Task objective:
In the copy, include every entry exactly but none of its images.

*** Opening Supplied material ***

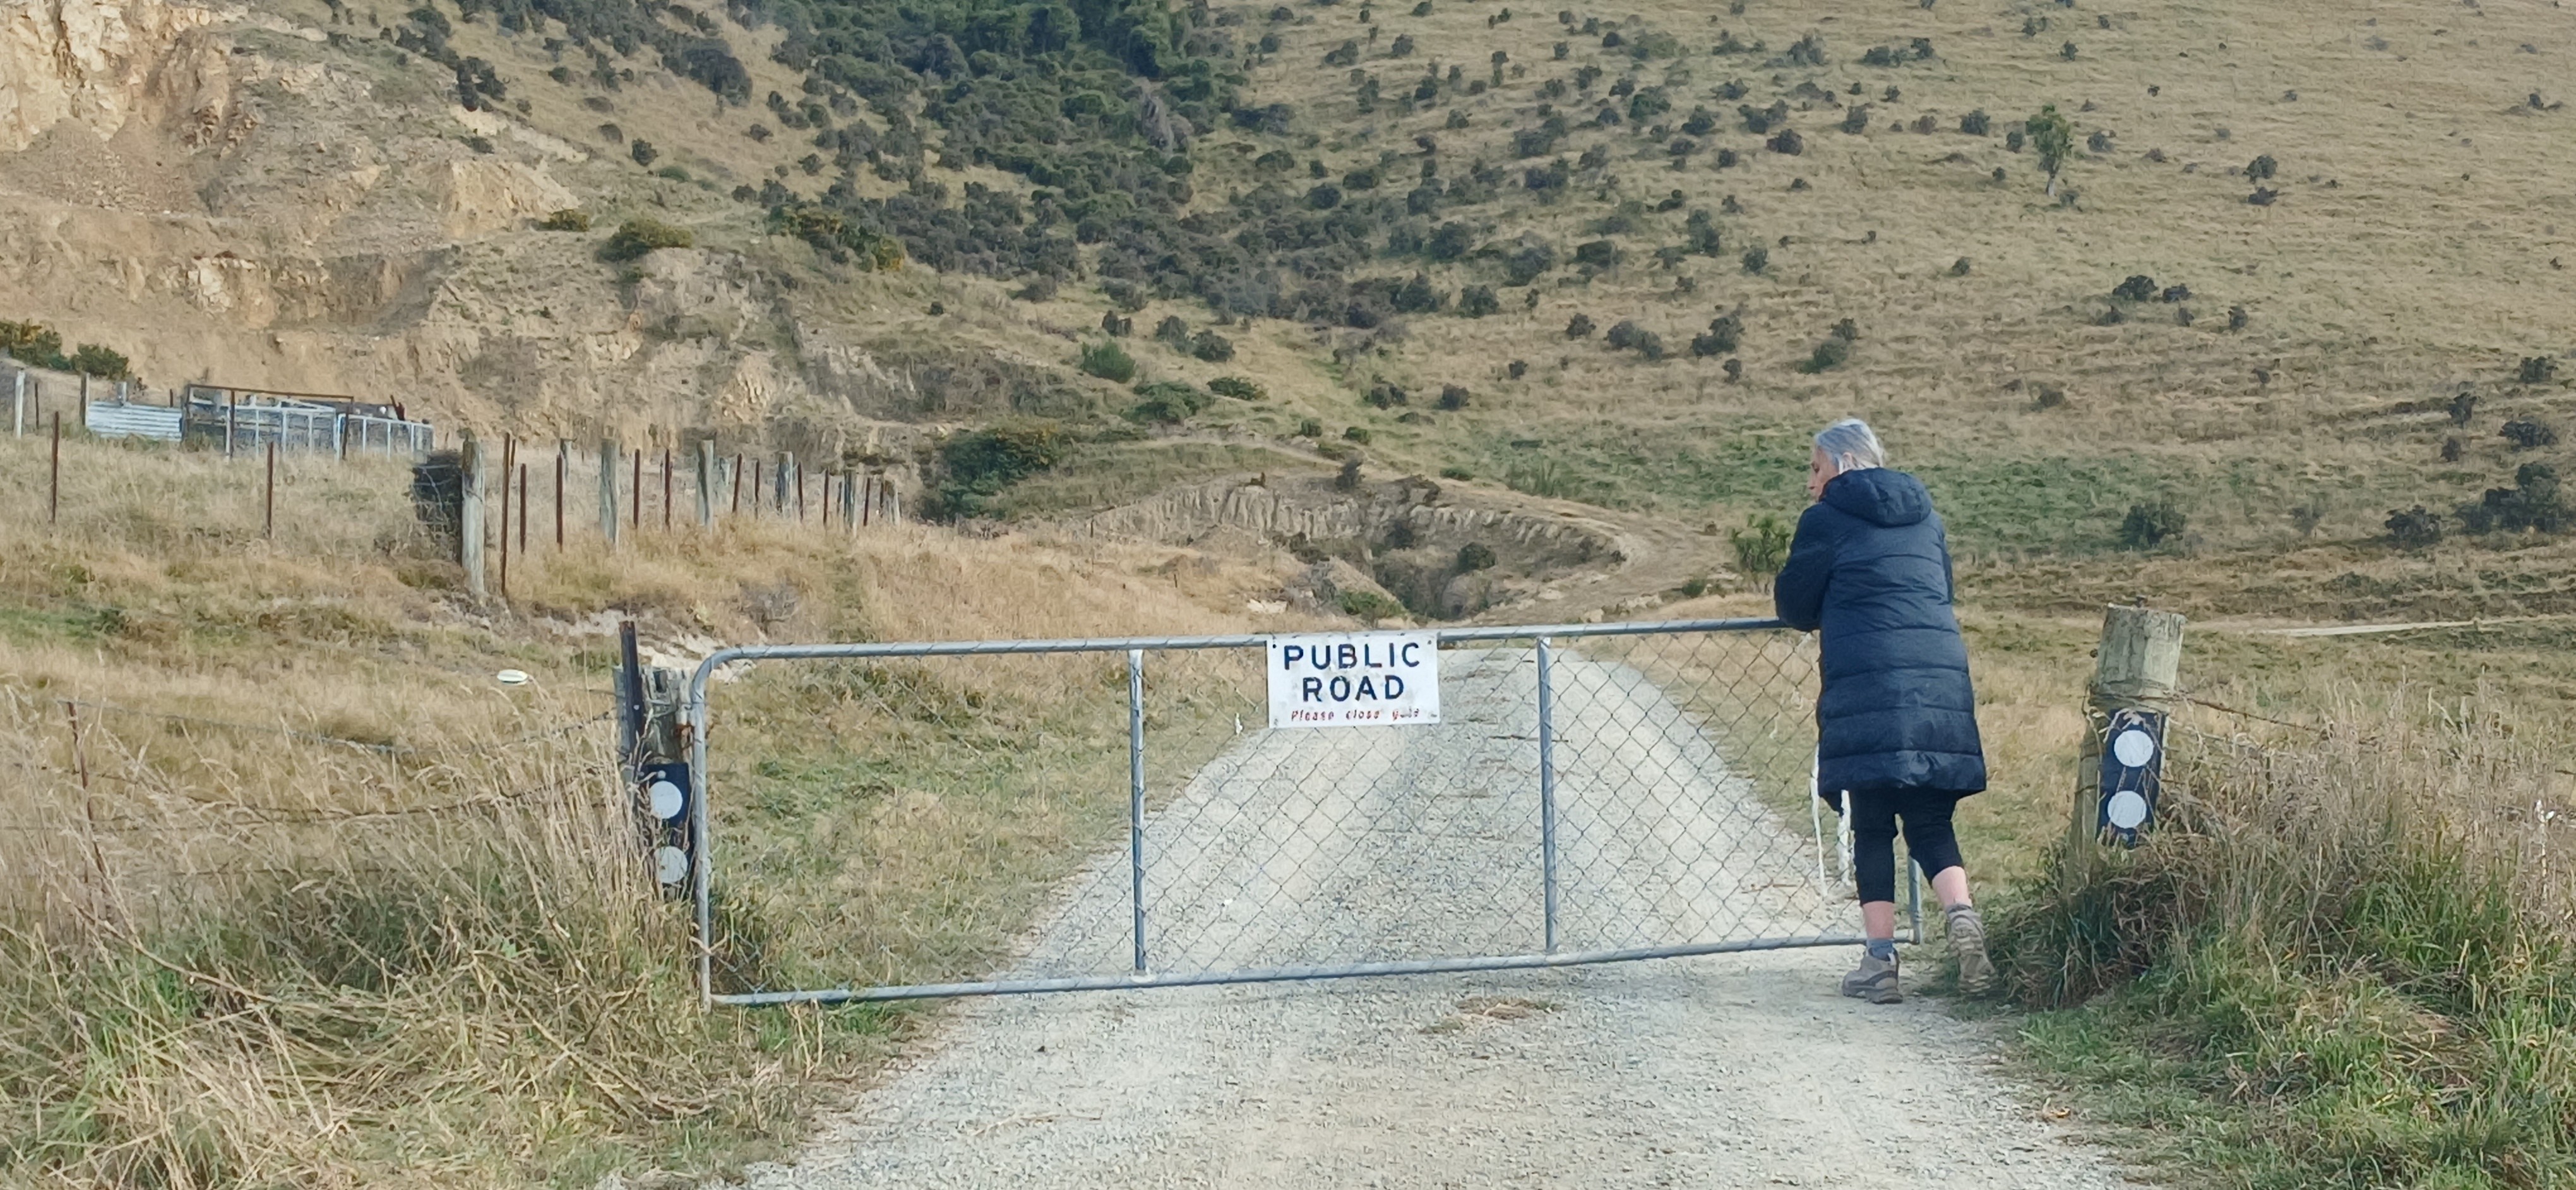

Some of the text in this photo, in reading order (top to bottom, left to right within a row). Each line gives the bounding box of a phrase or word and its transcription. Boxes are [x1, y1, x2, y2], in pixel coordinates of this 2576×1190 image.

[1284, 642, 1420, 670] PUBLIC
[1303, 675, 1404, 702] ROAD
[1291, 709, 1334, 722] Please
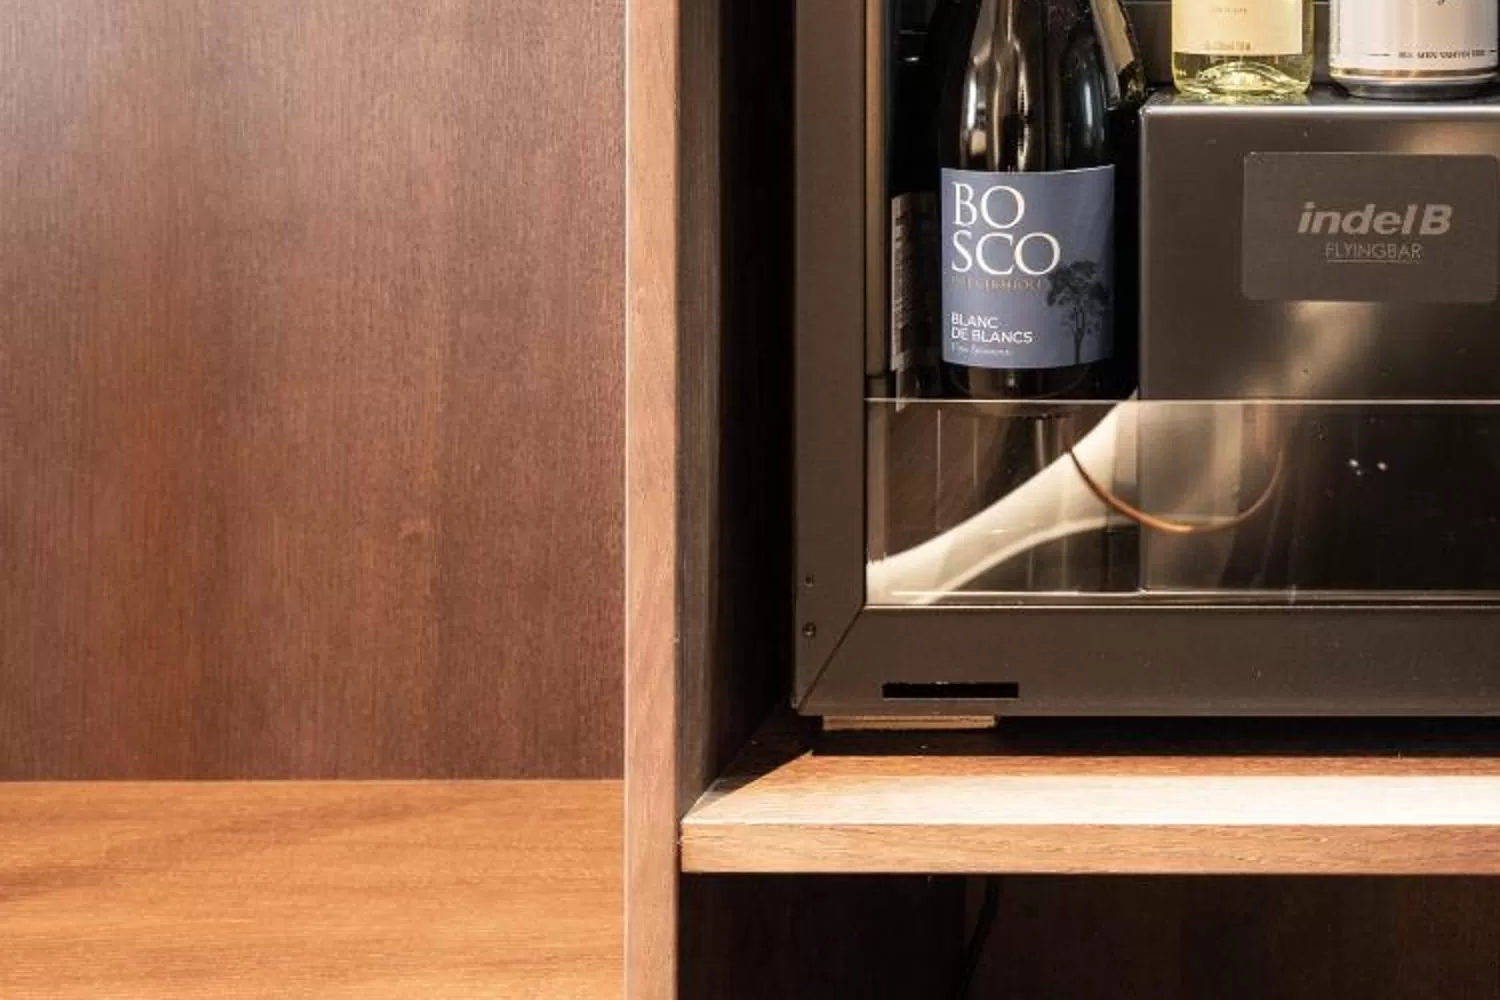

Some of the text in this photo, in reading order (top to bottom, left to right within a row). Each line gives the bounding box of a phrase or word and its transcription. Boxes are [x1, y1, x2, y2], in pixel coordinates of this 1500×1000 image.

*** Closing Supplied material ***

Response to this exercise:
Some of the text in this photo, in reading order (top to bottom, left to right within a row). Each line gives the bounding box of a phrase or word and its transcription. Boxes are [x1, y1, x2, y2], in pixel coordinates of this 2576×1190 image.

[1284, 642, 1420, 670] PUBLIC
[1303, 675, 1404, 702] ROAD
[1291, 709, 1334, 722] Please

Some of the text in this photo, in reading order (top to bottom, left to right within a row). Each line gives the bounding box of a phrase or word and its transcription. Boxes are [x1, y1, x2, y2], in pixel coordinates of this 1500×1000 image.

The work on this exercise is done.